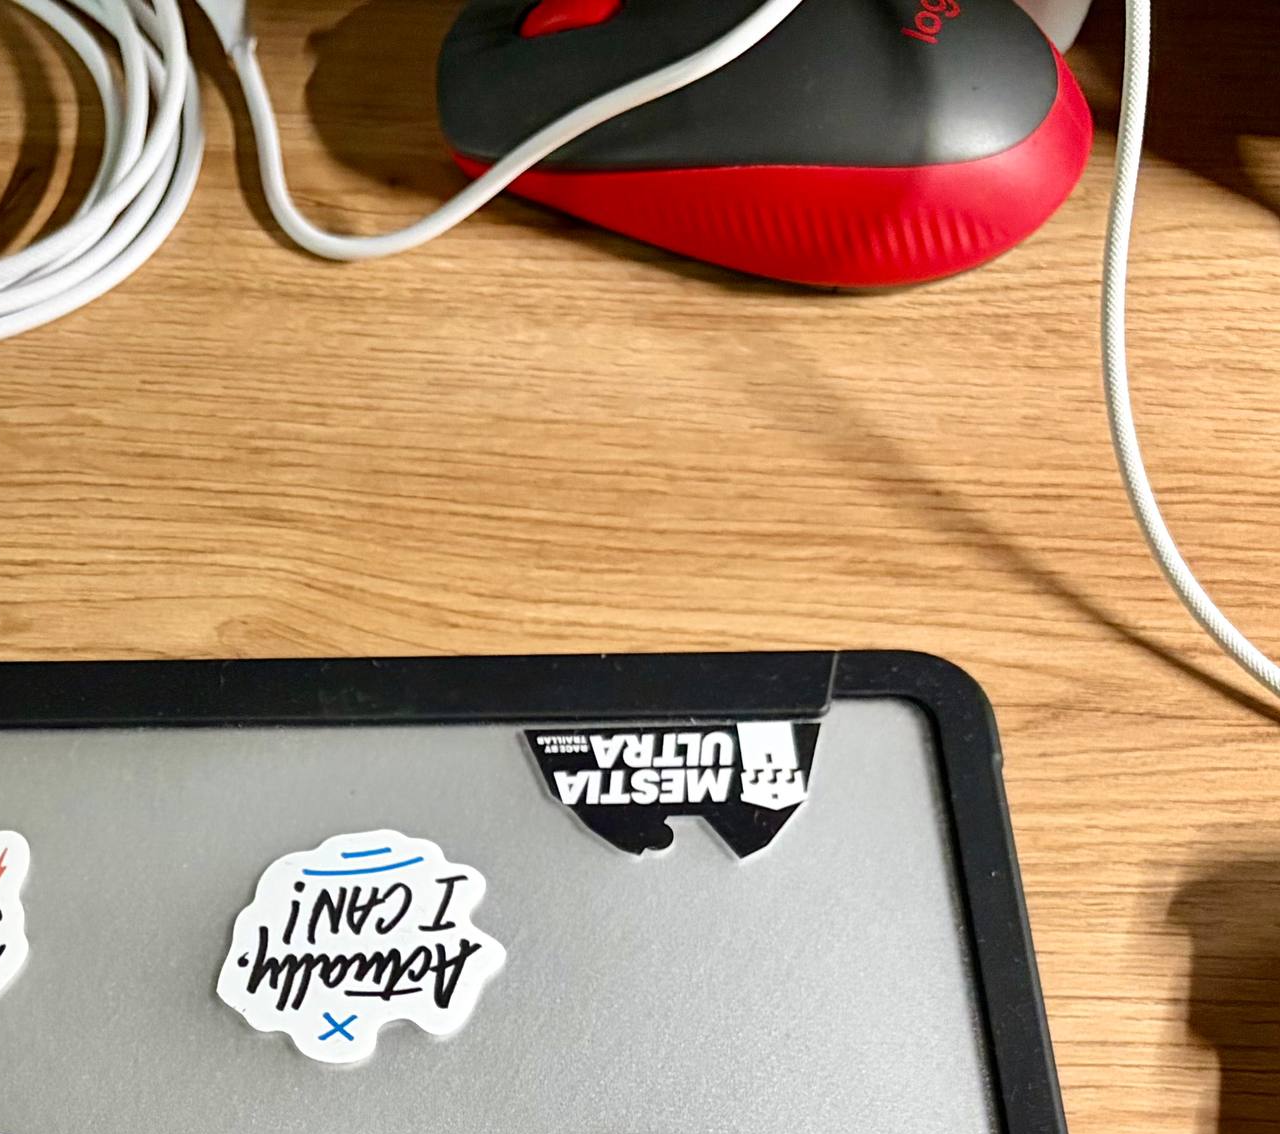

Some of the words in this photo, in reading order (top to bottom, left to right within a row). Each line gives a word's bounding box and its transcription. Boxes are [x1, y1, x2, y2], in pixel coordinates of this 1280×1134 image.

[589, 731, 734, 768] ULTRA
[553, 767, 734, 805] MESTIA
[282, 881, 413, 944] CAN!
[418, 875, 468, 932] I
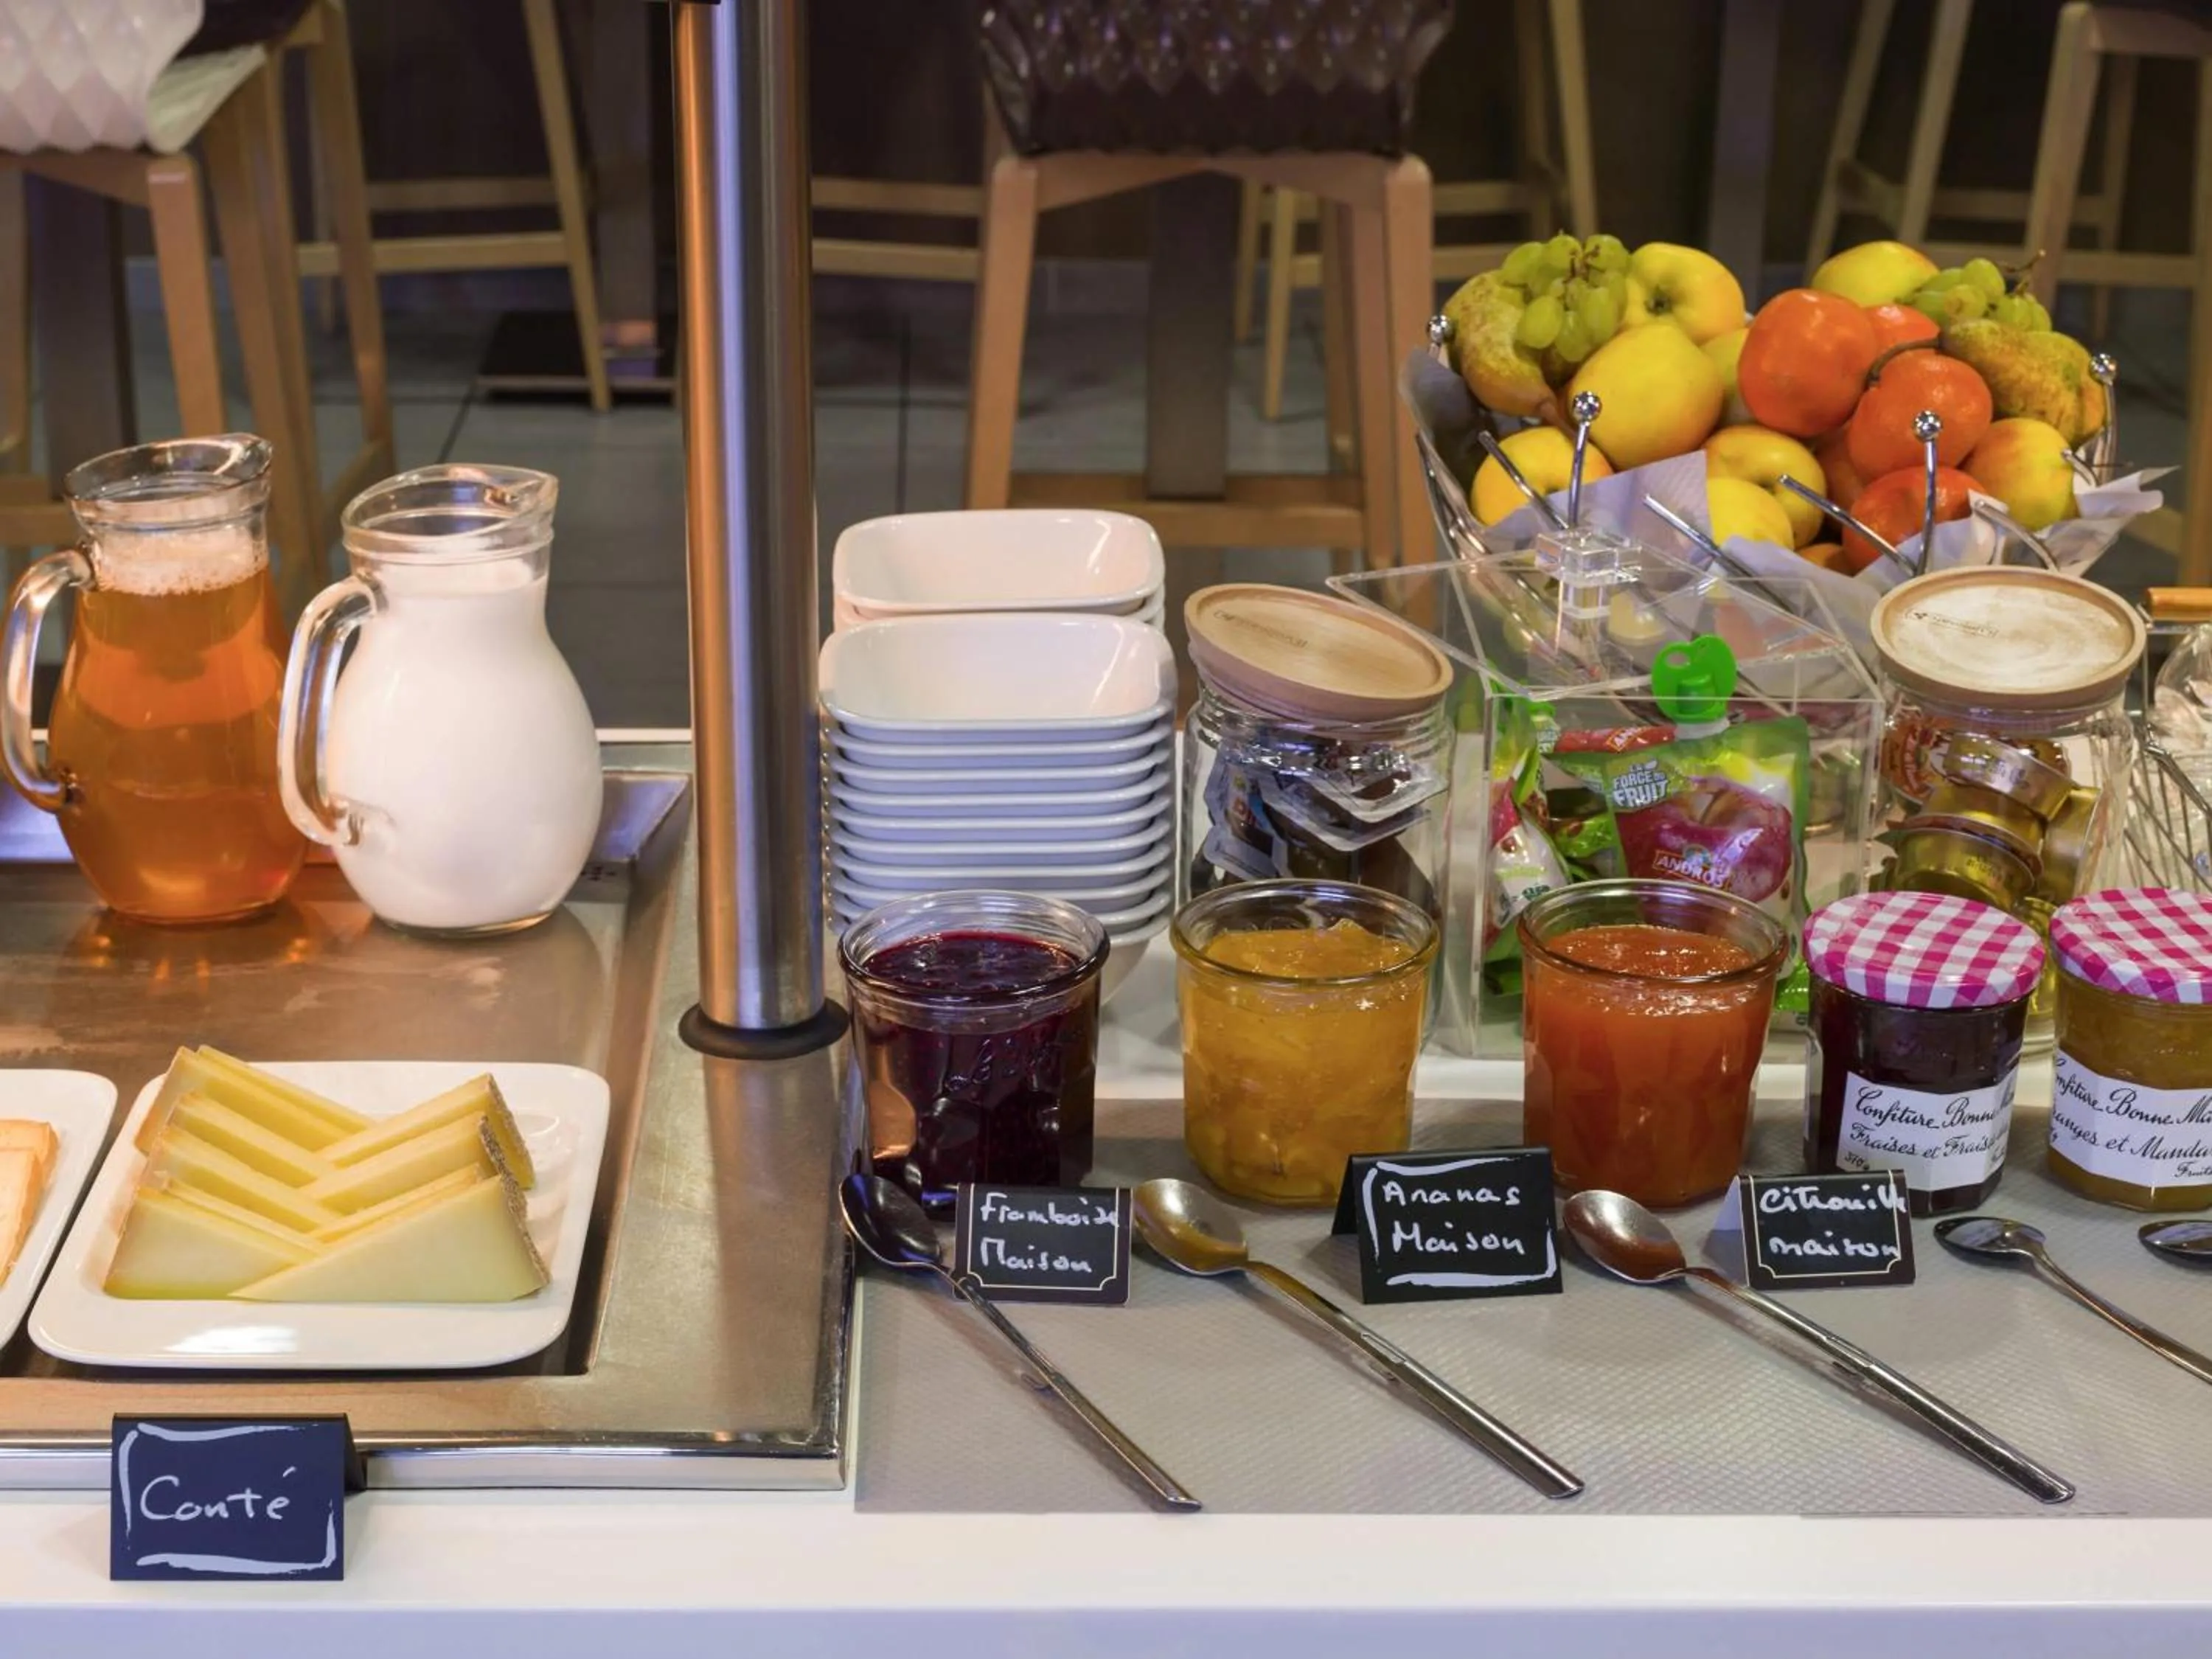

▸ What needs to be done: I'd like the material above repeated exactly, with the pictures omitted.

▸ Answer section:
Some of the words in this photo, in reading order (top to bottom, left to right within a row). Each line gives a word's bounding box and its transcription. Boxes are [x1, y1, x2, y2], in pixel coordinates of this 1280×1134 image.

[589, 731, 734, 768] ULTRA
[553, 767, 734, 805] MESTIA
[282, 881, 413, 944] CAN!
[418, 875, 468, 932] I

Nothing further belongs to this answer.